Since its debut in June, 1977, Rip It Up has become another part of New Zealand life we are all in danger of taking for granted. But although I’ve been a part of it – as a reader or writer – for all that time, I still get that same feeling when I open up each issue.

In an interview for Rip It Up’s fifth anniversary in 1982, Split Enz’s Eddie Rayner was asked what a band needed to succeed. “Longevity,” he replied. It went unsaid that longevity came from reliability, and stamina. Rayner could have been talking about Rip It Up just as much as his band. The magazine discreetly celebrated its birthday by adding five small candles to the cover of issue number 60.

It’s now 20 years since Rip It Up first appeared, with a photo of the Commodores on the cover and the words FREE ROCK PAPER emblazoned larger than its logo. From the moment anybody first saw the magazine – or rather, its title – they remembered it.

At first, it was the name. The shock tactic worked. The title grabbed your eye, while you grabbed for a copy. In 1977, when most music magazines were fuelled by earnestness, Rip It Up suggested a sense of urgency, of anarchy – even a sense of humour. It was like a rallying cry for the iconoclastic music movement exploding in England at that very moment. Only its editors realised the title’s connection with the Little Richard hit (from the first time pop music had been turned on its head). While the editors harboured secret aspirations to that kind of credibility – and longevity? – the magazine could shelter behind the self-deprecating pun of its title.
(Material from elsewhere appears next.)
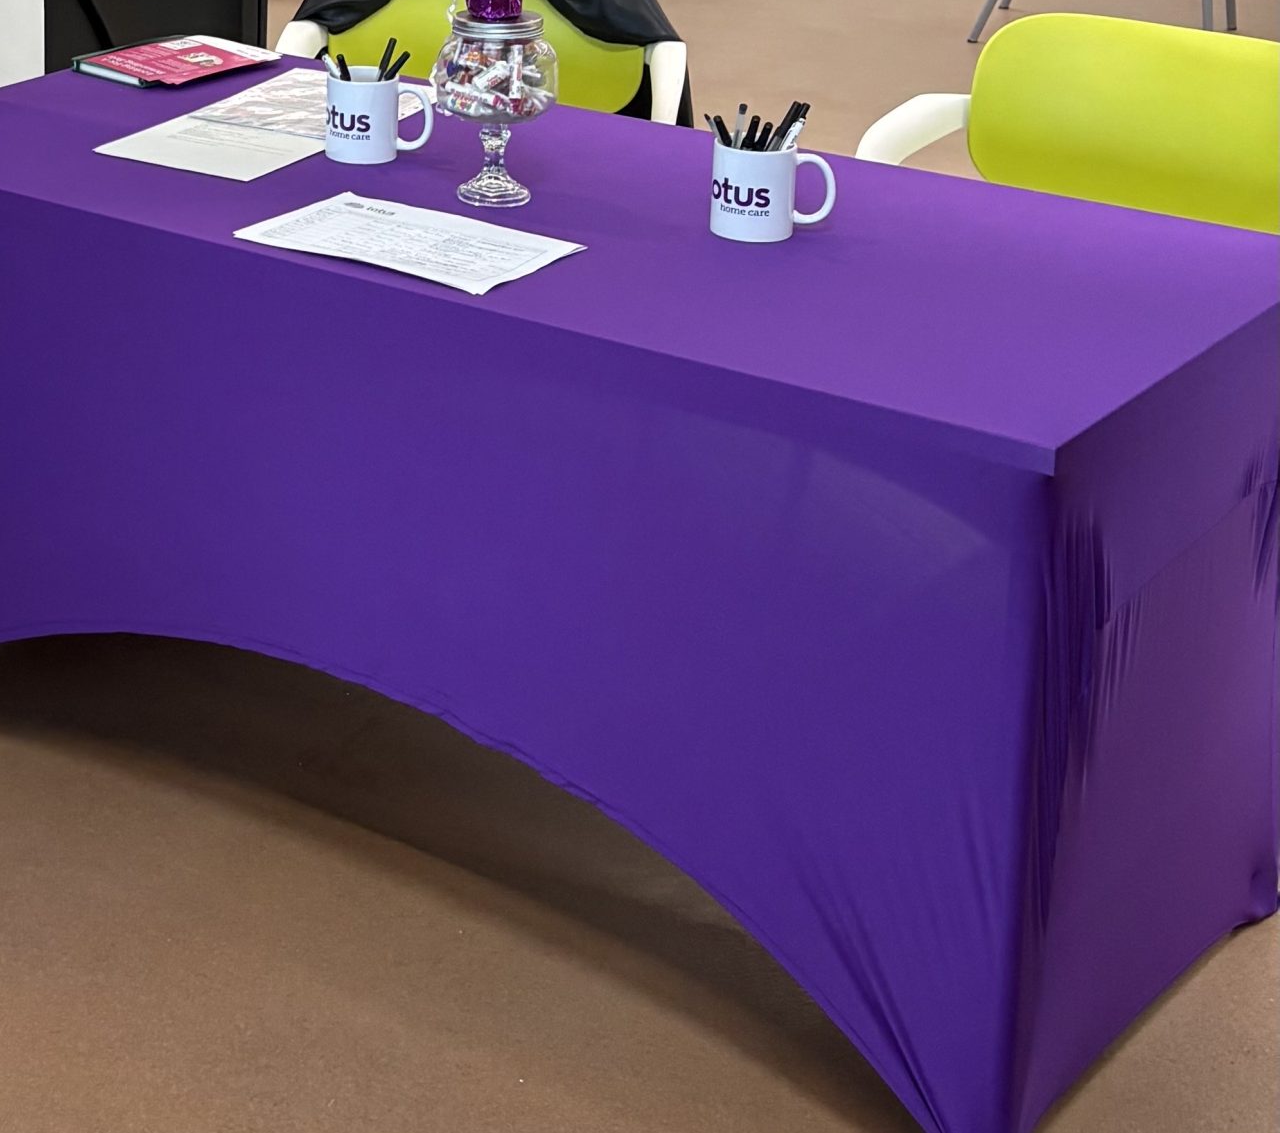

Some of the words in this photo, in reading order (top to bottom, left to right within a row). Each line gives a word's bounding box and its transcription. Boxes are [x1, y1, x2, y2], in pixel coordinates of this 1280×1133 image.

It suited the excitement and disposability of the contents: popular culture. That was a term no one used then – and even if they had, there were few outlets in New Zealand in which to use it. Personal computers had only just been invented, so there wasn’t a plethora of street mags written by the incoherent for the illiterate. Student papers were full of politics, urging their readers to mobilise for moratoriums. Student radio wasn’t an industry, but seemed like amateur clubs for spotty physics students to play their prog rock.
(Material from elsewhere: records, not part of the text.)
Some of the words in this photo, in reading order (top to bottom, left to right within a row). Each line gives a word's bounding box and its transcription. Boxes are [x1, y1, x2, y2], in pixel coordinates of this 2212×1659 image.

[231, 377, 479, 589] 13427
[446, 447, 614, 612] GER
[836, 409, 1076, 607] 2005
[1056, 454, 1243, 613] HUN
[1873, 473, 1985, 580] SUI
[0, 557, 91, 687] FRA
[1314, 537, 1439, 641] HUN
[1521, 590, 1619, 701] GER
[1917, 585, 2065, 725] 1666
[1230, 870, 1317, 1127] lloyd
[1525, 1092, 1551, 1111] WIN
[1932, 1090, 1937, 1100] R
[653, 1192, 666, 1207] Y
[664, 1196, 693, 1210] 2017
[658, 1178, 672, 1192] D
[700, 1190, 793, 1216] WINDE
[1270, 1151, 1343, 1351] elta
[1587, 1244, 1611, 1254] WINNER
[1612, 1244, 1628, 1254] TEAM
Out in the “real” world, commercial radio was dominated by the state, whose mono ZM rock stations featured bland pop and LA-wannabe deejays (okay, that hasn’t changed). We weren’t allowed FM radio for five more years (and then squandered the medium). Television was restricted to two channels, with two music shows. Ready to Roll had a great simple concept: the Top 10 in prime time. Lots of Leo Sayer and Abba (who weren’t hip the first time round). The new Radio With Pictures was then just 45 minutes of cheap videos and live clips, without a host. If you couldn’t afford overseas papers such as Rolling Stone ($1.10) or NME (30 cents), for credible comment there were only isolated columnists: Phil Gifford in Auckland, Rob White in Christchurch, Roy Colbert in Dunedin and Gordon Campbell in the Listener.
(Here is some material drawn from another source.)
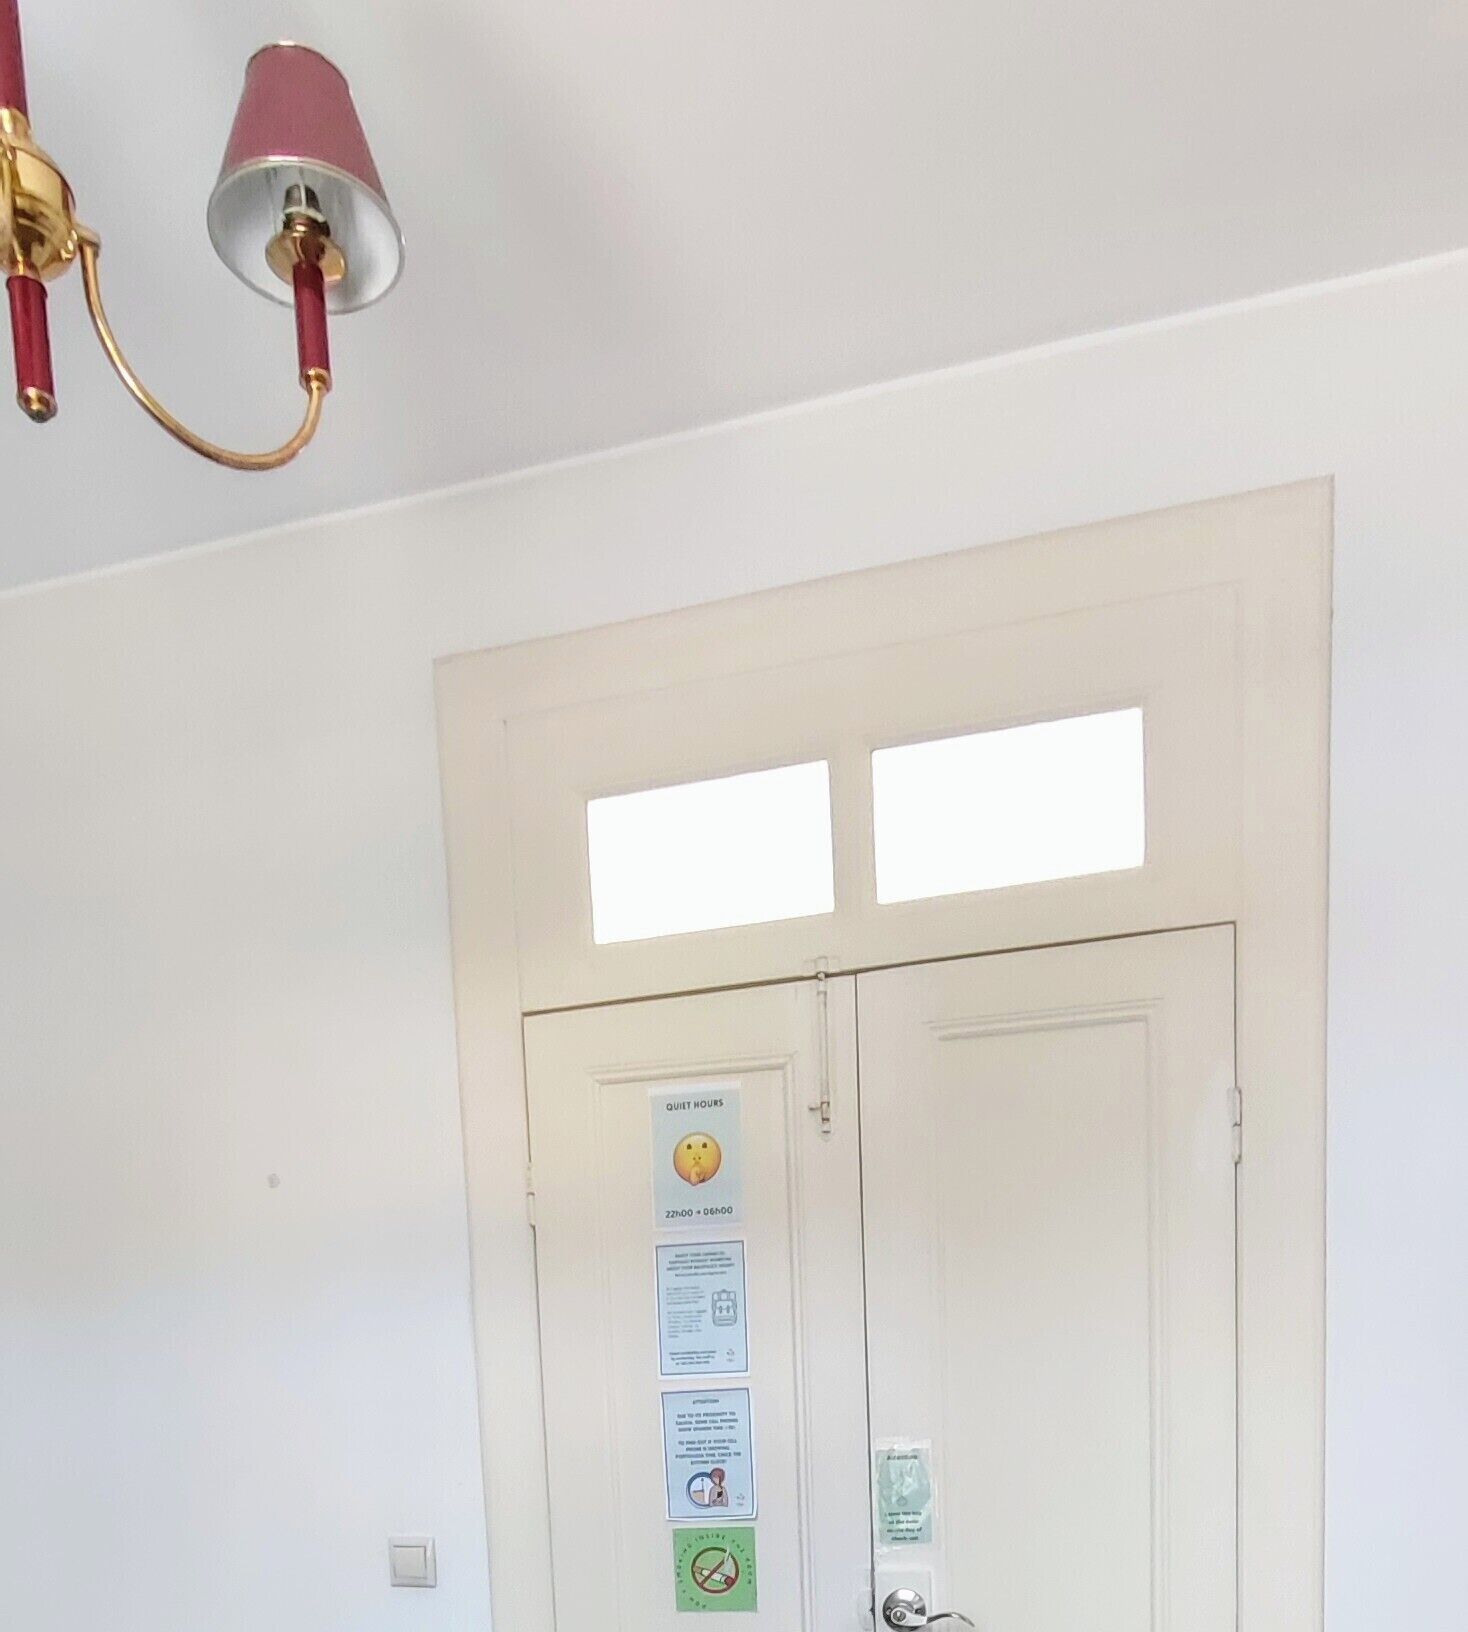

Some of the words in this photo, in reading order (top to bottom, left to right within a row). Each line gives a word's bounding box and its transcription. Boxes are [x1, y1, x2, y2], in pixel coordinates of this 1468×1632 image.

Few outside Auckland got to see Rip It Up’s precursor from the mid-70s, the excellent Hot Licks (whose name also neatly captured its era). After 27 issues Hot Licks had dissolved, a victim not of its decision to add a cover price of 40 cents, but of music industry politics (its main backer, the Direction Records retail chain, antagonised the main advertisers – record companies – when it started to import records).

But Rip It Up was an independent paper, run by two young enthusiasts, Murray Cammick and Alastair Dougal. At first, the unsophisticated record industry seemed to regard it as a fanzine (though a name for that genre had yet to take hold, either). But when they read the reviews and articles, they realised that this was worth taking seriously. After all, the readers were – and the reviewers weren’t pulling their punches. An early skirmish was when Mike Chunn rubbished Paul McCartney’s London Town, which to EMI was like … blasphemy.

But after a few months John McCready of CBS called Cammick into his office, and booked the back cover and page three for regular ads. He wasn’t doing it because he was hip, or saw Rip It Up as a worthy cause. As the man who developed the massively successful Solid Gold Hits series, and later revolutionised programming at Radio Hauraki and TVNZ, McCready understood marketing and media. Eventually, most of the record companies came on board as a way to reach music fans. They learnt to live with the blunt-but-informed reviews – and learnt the value of securing exclusive interviews with their artists.

Now, with pop culture everywhere – shows like Entertainment This Week all over television, magazines like Who Weekly dominating the newsstands, wall-to-wall video shows, PR image makers, gossip as journalism, hype and hard-sell everywhere – it is reliable reviews which give a magazine the trust and respect of its readership. As the cantankerous American composer and critic Virgil Thomson wrote, “Music criticism may be unnecessary. It is certainly inefficient. But it is the only antidote we have to paid publicity.”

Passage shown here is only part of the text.